What you have to do. Omit the images, then repeat the listing exactly.

◆ ◆ ◆

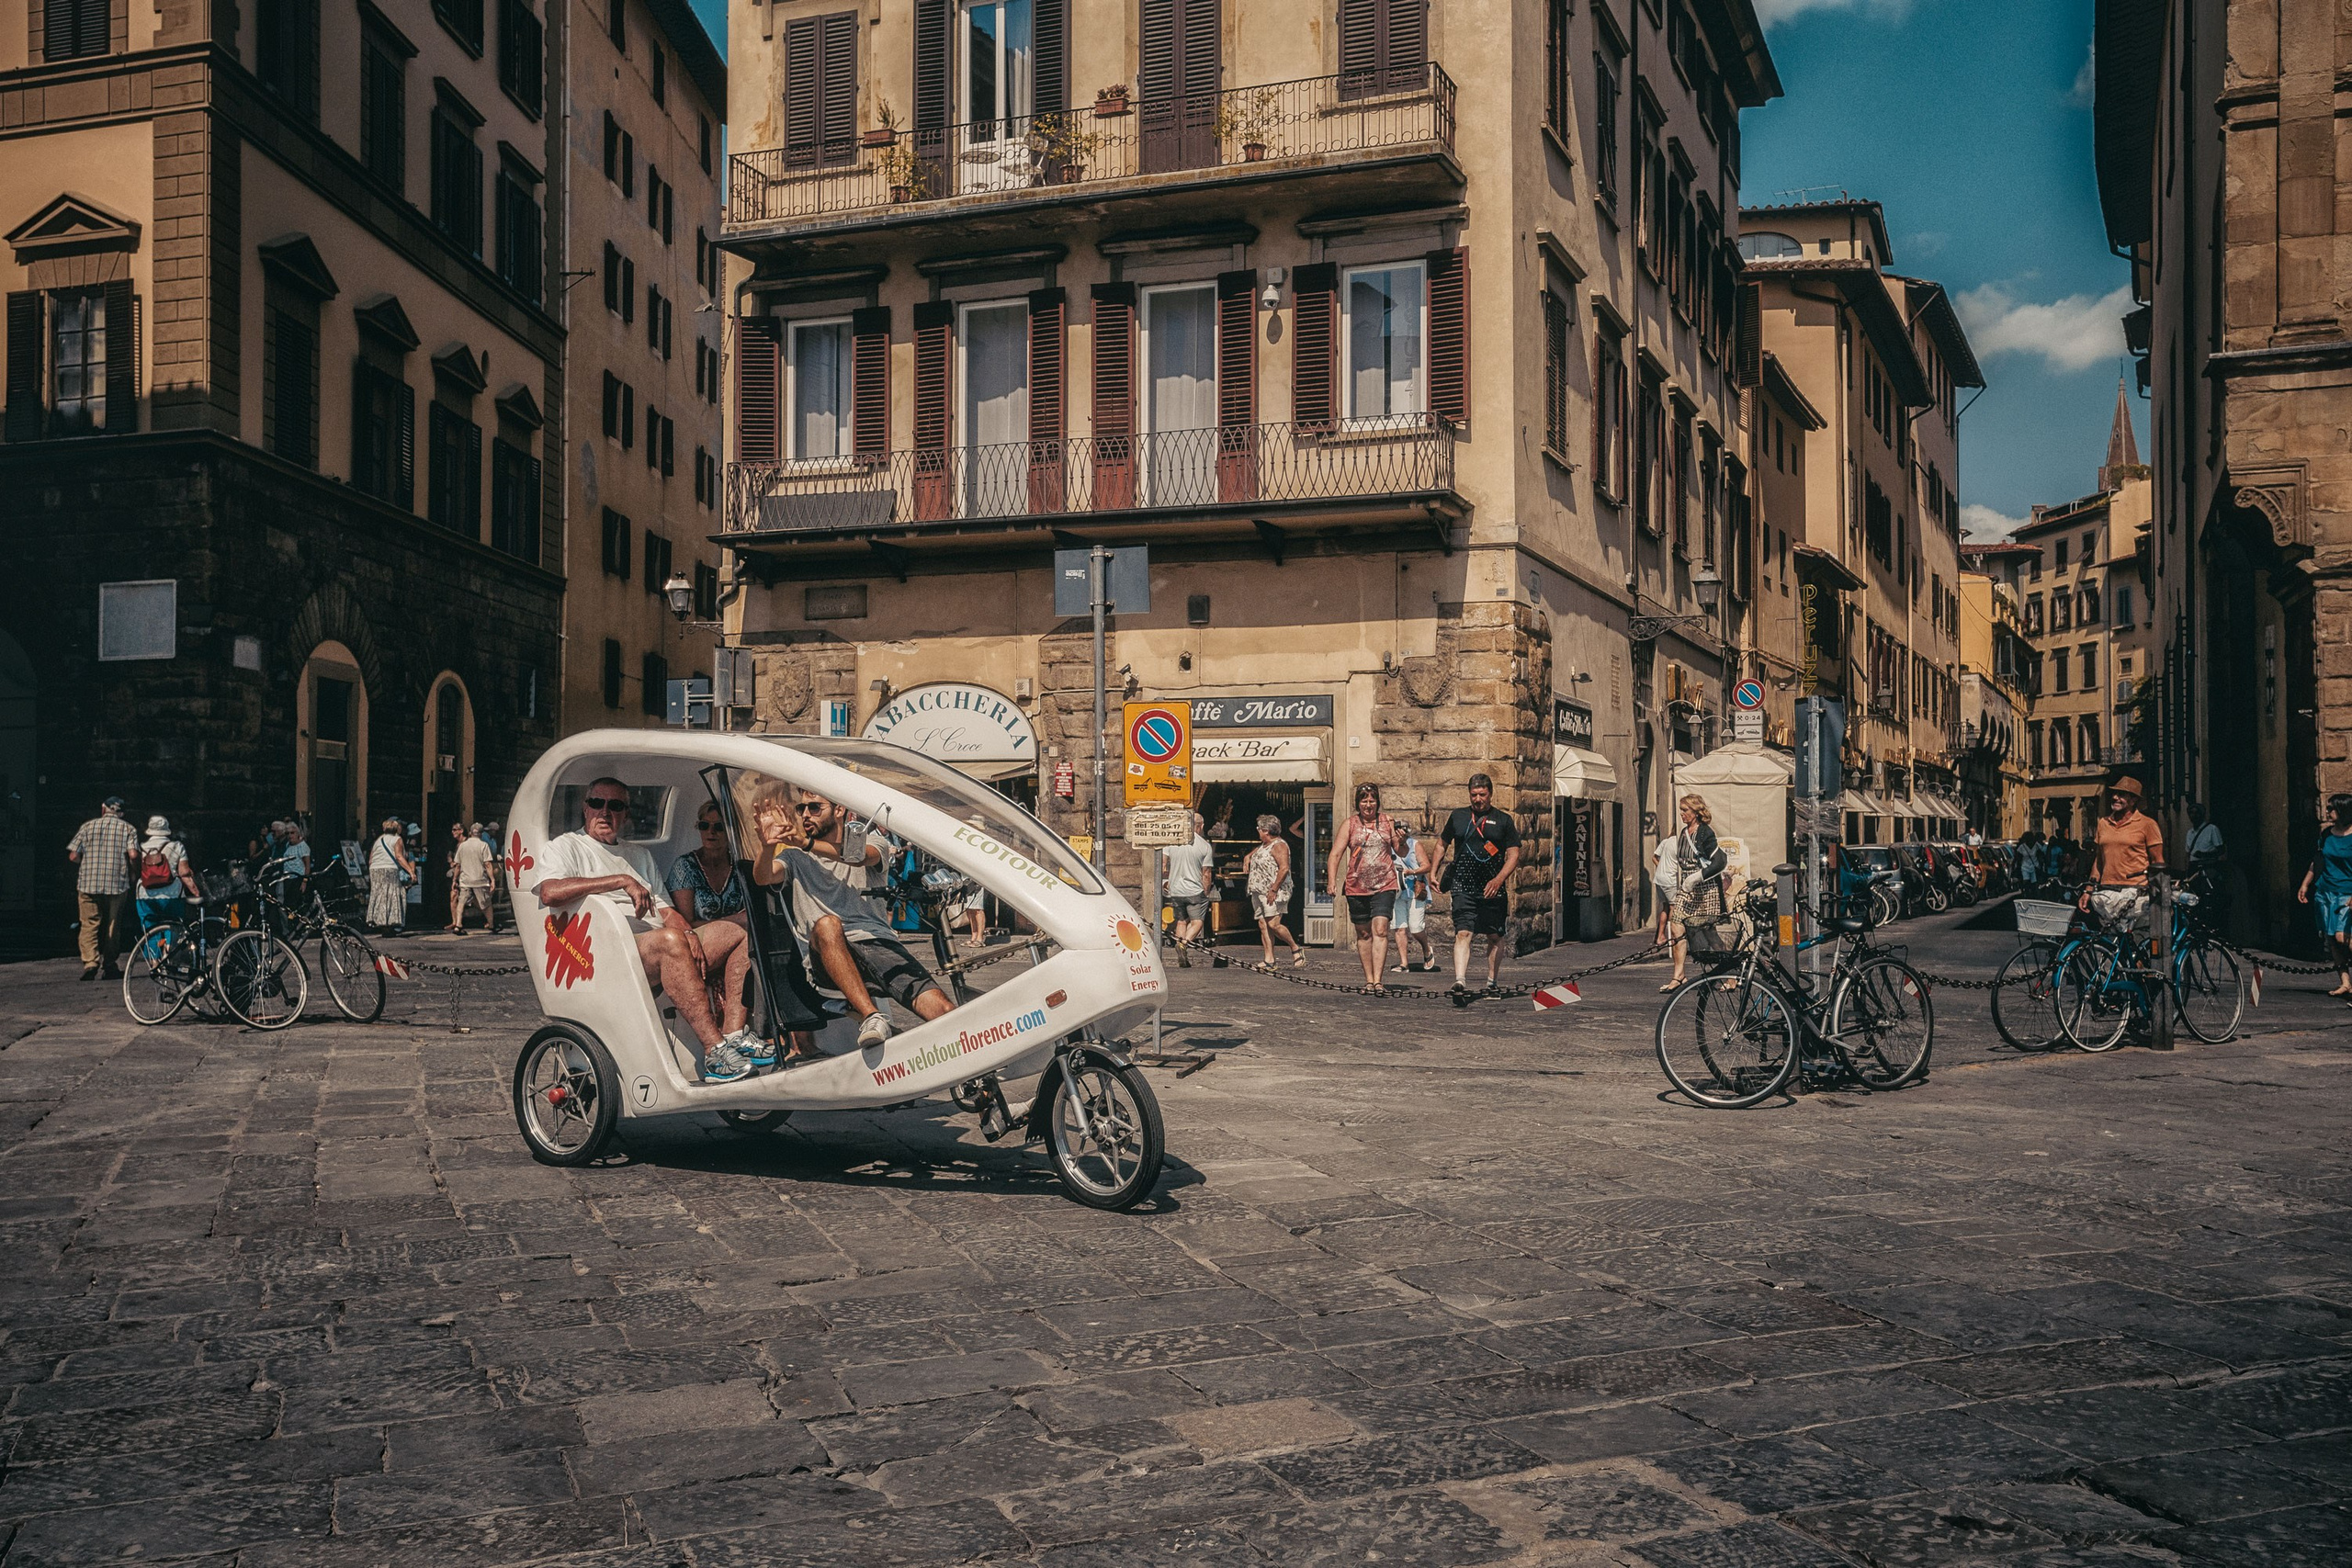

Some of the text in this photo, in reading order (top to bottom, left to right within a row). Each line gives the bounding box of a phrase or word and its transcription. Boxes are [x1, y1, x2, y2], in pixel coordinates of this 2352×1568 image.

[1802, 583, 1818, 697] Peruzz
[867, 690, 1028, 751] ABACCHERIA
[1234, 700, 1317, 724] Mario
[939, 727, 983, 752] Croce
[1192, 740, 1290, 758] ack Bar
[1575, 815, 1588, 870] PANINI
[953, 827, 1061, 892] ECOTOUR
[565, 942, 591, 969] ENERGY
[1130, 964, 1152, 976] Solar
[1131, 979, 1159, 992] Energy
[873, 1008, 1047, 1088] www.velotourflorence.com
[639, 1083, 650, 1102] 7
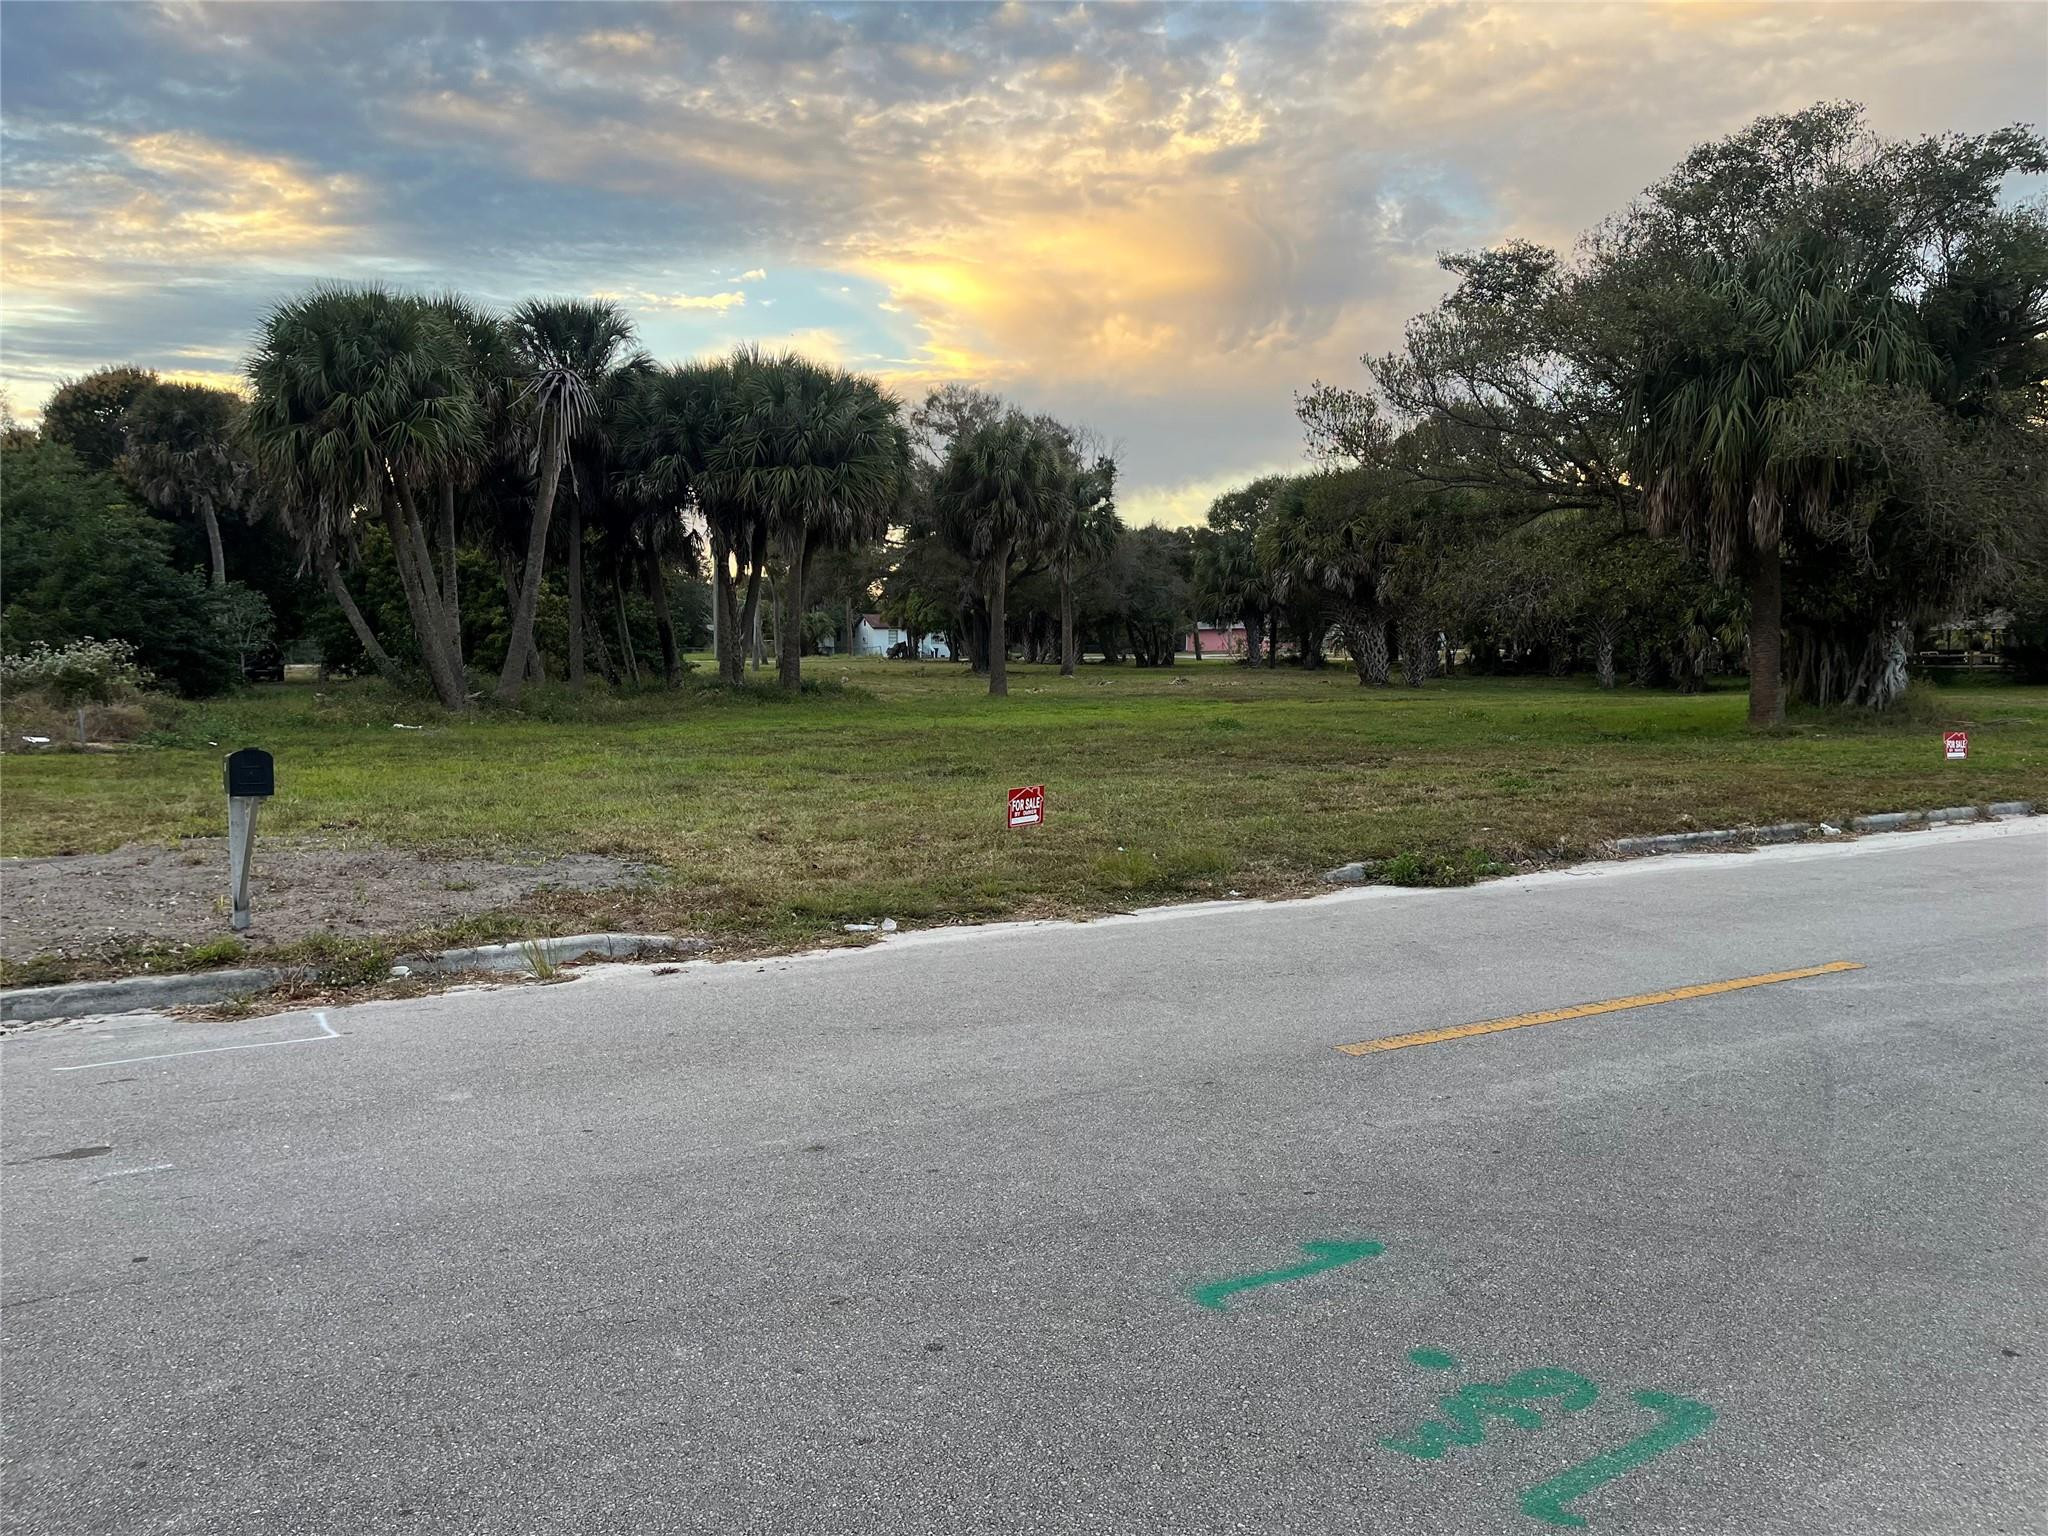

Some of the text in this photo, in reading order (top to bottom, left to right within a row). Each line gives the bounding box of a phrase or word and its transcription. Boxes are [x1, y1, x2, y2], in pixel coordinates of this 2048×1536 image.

◆ ◆ ◆

Output below.
Some of the text in this photo, in reading order (top to bottom, left to right within a row). Each line gives the bounding box of a phrase or word and its transcription. Boxes are [x1, y1, x2, y2], in pixel coordinates of this 2352×1568 image.

[1802, 583, 1818, 697] Peruzz
[867, 690, 1028, 751] ABACCHERIA
[1234, 700, 1317, 724] Mario
[939, 727, 983, 752] Croce
[1192, 740, 1290, 758] ack Bar
[1575, 815, 1588, 870] PANINI
[953, 827, 1061, 892] ECOTOUR
[565, 942, 591, 969] ENERGY
[1130, 964, 1152, 976] Solar
[1131, 979, 1159, 992] Energy
[873, 1008, 1047, 1088] www.velotourflorence.com
[639, 1083, 650, 1102] 7

Some of the text in this photo, in reading order (top to bottom, left to right within a row). Each line gives the bounding box of a phrase or word and its transcription. Boxes are [x1, y1, x2, y2], in pixel coordinates of this 2048×1536 image.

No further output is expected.